Locking up the mentally ill

By LANCE TAPLEY  |  April 3, 2014

Michael’s sentence of 12 years in prison was extraordinarily stiff for his crimes — especially, for an 18-year-old. “I’m sad to say,” Crowley announced, “that I think incarceration is in the interests of public safety and overrides all of the other factors this court has in considering sentence.”

In an unsuccessful appeal scrawled in pencil, Michael pathetically wrote the court, in a world-class understatement: “I have not had a very good childhood.”


MICHAEL JAMES At Riverview Pyschiatric Center; photo by Lance Tapley.


When he was delivered to Riverview in mid-2007 from the torment of the Supermax, Michael seemed almost ecstatic. But he did not stay happy.

In December, 2007, his assertive voice on my answering machine wanted me to report on “the abuse that we receive in here and the negativity and the trauma that some of us go through on a regular basis. Thank you and have a great holiday season.”

The hospital’s records (which Michael gave me access to) show that he often threatened others and threatened to commit suicide. They also note his head banging and diagnoses of intermittent explosive disorder and antisocial personality disorder. Between 2008 and 2010 he spent several periods of months at a time in jail and prison stemming from assaults and property destruction. “I don’t even know why I hit the staff I did,” he told me at one point.

The notes on Michael also reveal him to be — mixed with his fierce demands — open, polite, well-spoken, and even “jovial.” In 2011, he acted much better under the influence of Clozaril, an antipsychotic drug. He successfully petitioned the court to leave Riverview to go on supervised shopping trips, to Planet Fitness, and to ball games in Portland.

The judge, Donald Marden, remarked in court that Michael was believed to be impossible to treat, “but they’ve kept right at it,” congratulating hospital staff and Michael. Justice Marden also observed that the prison’s tools to treat Michael are “counterproductive.”

But Michael’s behavior deteriorated. Last December he threatened Riverview staff members with a chain wrapped around his fist. He wound up hurting only himself, cutting his arm and slamming his head hard against a door. He called me a few days later, saying “my brain is really messed up.” He was fined $200 for the threats.
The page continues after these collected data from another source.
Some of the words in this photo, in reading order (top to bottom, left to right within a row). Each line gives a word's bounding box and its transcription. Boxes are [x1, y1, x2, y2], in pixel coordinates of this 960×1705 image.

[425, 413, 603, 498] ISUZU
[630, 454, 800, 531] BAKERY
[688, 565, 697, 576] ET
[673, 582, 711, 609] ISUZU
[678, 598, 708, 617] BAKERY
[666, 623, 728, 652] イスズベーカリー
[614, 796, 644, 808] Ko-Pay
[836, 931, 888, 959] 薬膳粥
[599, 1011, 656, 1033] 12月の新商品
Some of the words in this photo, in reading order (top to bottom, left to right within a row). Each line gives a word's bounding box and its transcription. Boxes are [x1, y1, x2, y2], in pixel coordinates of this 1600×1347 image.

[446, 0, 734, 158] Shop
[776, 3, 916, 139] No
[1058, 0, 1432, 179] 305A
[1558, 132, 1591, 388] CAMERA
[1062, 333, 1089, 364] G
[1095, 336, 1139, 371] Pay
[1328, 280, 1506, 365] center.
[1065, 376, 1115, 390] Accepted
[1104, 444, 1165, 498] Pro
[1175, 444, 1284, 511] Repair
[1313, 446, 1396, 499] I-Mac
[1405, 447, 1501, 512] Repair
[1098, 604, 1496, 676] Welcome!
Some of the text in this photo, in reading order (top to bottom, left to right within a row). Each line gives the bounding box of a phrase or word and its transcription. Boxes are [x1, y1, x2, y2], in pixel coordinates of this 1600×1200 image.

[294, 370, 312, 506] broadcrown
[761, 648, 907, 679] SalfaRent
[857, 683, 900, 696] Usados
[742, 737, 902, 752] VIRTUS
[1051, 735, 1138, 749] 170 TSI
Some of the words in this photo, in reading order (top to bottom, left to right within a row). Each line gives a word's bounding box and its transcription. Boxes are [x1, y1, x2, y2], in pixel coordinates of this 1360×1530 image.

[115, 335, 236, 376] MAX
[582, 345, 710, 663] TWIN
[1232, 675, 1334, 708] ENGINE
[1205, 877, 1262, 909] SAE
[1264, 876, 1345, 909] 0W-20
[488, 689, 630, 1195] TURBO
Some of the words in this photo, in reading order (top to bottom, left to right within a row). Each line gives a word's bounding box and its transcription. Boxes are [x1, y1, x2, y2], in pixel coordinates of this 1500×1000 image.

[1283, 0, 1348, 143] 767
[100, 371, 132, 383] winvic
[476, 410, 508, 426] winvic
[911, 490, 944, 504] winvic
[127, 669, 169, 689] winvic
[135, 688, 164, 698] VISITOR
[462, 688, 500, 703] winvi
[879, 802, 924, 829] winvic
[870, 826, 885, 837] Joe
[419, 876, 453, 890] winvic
At an Augusta public forum last fall, Joseph Fitzpatrick, then clinical director and now newly appointed as acting commissioner of the Corrections Department, mentioned the “massive influx” of mentally ill people into Maine’s prisons.

Not only has this national trend manifested itself in Maine because of the inadequacy of community mental-health treatment, but also because of the widely recognized inadequacy — the small size, the staff shortages and turnover, the mismanagement — of Riverview. It has only 92 beds, half for forensic patients.

For more than two decades, after a suit brought by AMHI patients, the courts have tried to force the state to improve its mental-health care — without, critics would say, much success. Now federal authorities are trying to force the state to clean up its act at Riverview by withholding the $20 million, which Maine taxpayers would have to make up.